В литературных кругах сборник упрочил за Степаном права литературного гражданства, которых он добивался. Он почувствовал это потому, что его мнением начали интересоваться, и из Радченко он стал просто Степаном, старым приятелем в старом товариществе. Выслушав несколько устных похвал за свои рассказы, он понял, что стал равным среди равных; самолюбие его удовлетворилось, но душа немела.
Вечерами Степан частенько встречался в пивной с поэтом Выгорским. Юноша заходил уже сюда свободно. Беззаботно появлялся он на пороге просторного зала, залитого электричеством, и легко нырял в весёлый гомон посетителей, пёстрыми тройками и парами окружавших белые мраморные столики. Звон посуды, хлопанье пробок, смех и говор, громкая музыка, плывшая из эстрады в углы, объединяла разнообразие лиц и костюмов в цельную сплочённую массу. Но смолкала музыка, и в минуты тишины толпа распадалась на одинокие фигуры и слова, разные и далёкие, принесённые из неизвестных жилищ, из неизвестной жизни.
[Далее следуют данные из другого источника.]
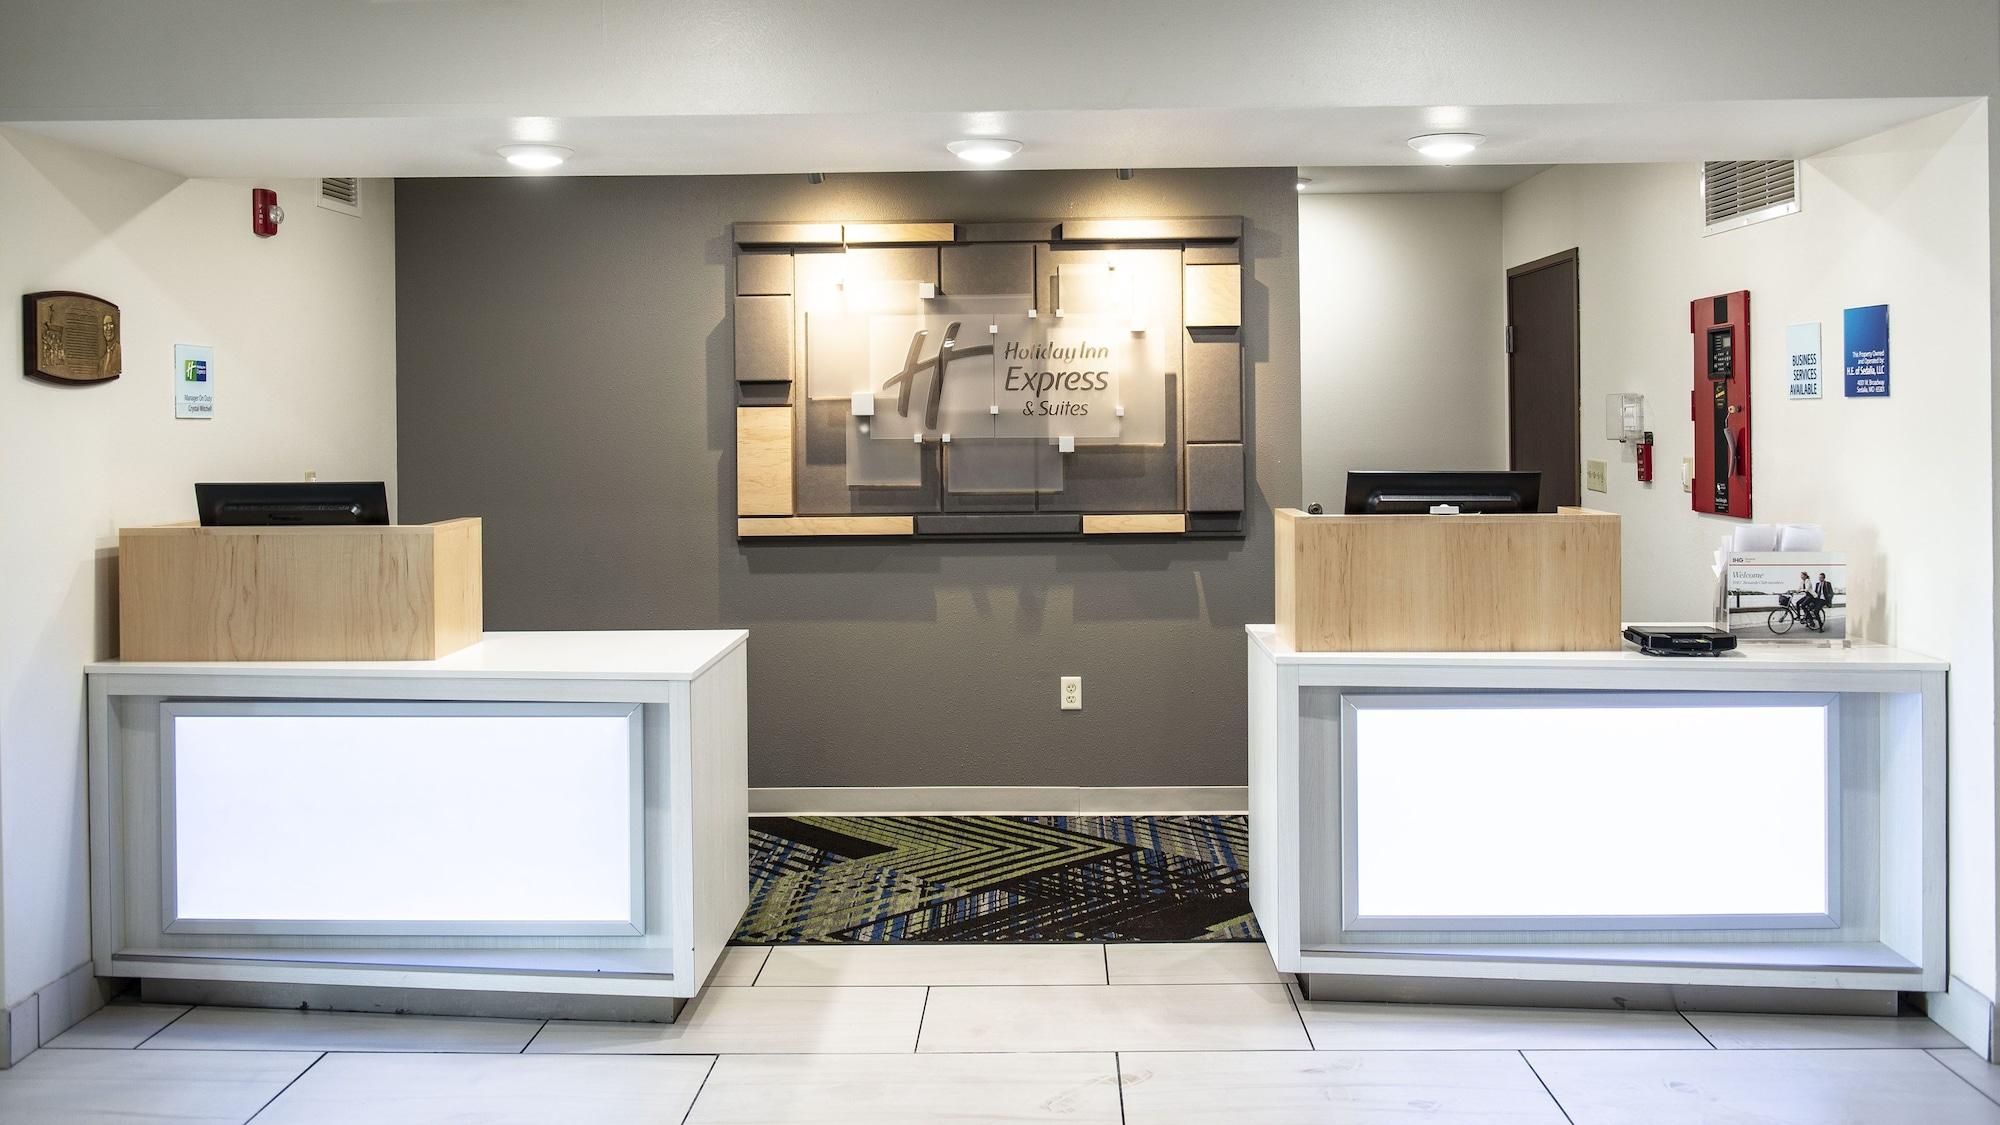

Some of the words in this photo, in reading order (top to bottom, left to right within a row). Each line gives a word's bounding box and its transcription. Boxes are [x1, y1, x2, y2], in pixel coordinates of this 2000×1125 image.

[1004, 341, 1077, 364] Holiday
[1079, 341, 1109, 359] Inn
[1792, 353, 1817, 366] BUSINESS
[1793, 368, 1817, 380] SERVICES
[1876, 365, 1885, 375] LLC
[1004, 366, 1109, 398] Express
[1790, 383, 1817, 395] AVAILABLE
[1022, 400, 1034, 416] &
[1038, 400, 1089, 416] Suites
[1732, 571, 1765, 579] Welcome
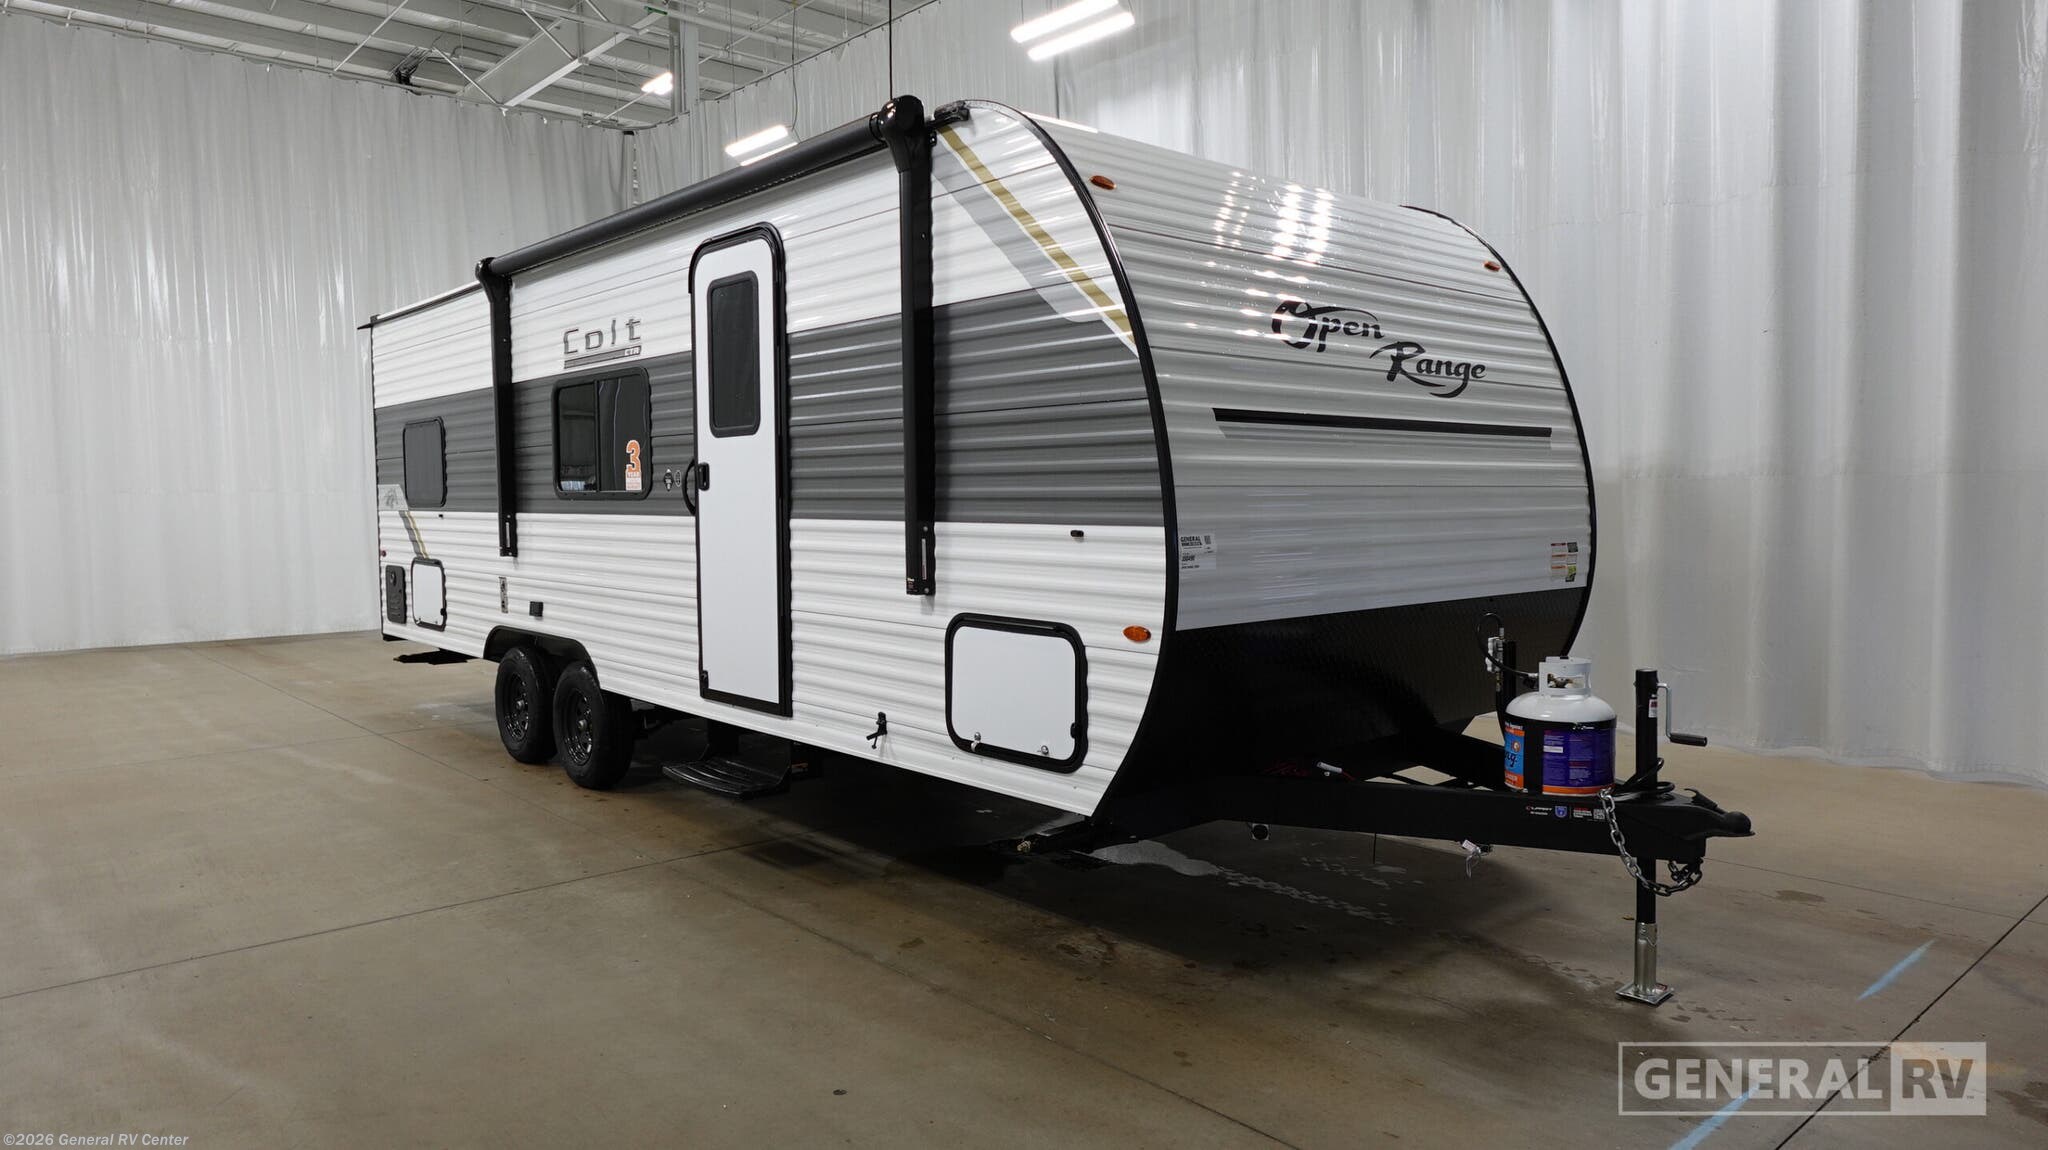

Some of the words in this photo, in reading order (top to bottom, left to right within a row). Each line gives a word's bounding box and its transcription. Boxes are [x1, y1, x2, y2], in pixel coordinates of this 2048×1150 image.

[563, 318, 641, 354] Colt
[1271, 300, 1384, 353] Open
[1369, 341, 1487, 398] Range
[625, 439, 641, 473] 3
Это удивительное обаяние музыки юноша ощущал на себе, таяли заботы, освобождая угнетённую душу, которая сразу расправляла крылья в невыразимом, но жгучем порыве, и он сам становился обострённым и внимательным к трепетанию человеческих сердец, проникаясь твёрдой уверенностью, что напишет что-то, сумеет высказать то невысказанное, которое жило в нём, откликаясь далёким эхом на бурное дыхание жизни.
Он отыскал взглядом Выгорского и усмехаясь подошёл к нему, минуя лабиринты стульев.
— Сегодня джаз-банд, — сказал поэт. — Послушаем.
На эстраде, вместо обычных трёх инструментов, был квартет из пианино, скрипки, виолончели и турецкого барабана с прибавлением медных тарелок, которые распространяли в зале звериный крик, уничтожавший мелодию.
— Бандиты, — сказал поэт, — вы видите, что они называют джаз-бандом! За это мы должны доплачивать по пятаку с бутылки! Но обратите внимание на нового скрипача.
Новый скрипач, повязанный широким артистическим бантом, напоминал эпилептика.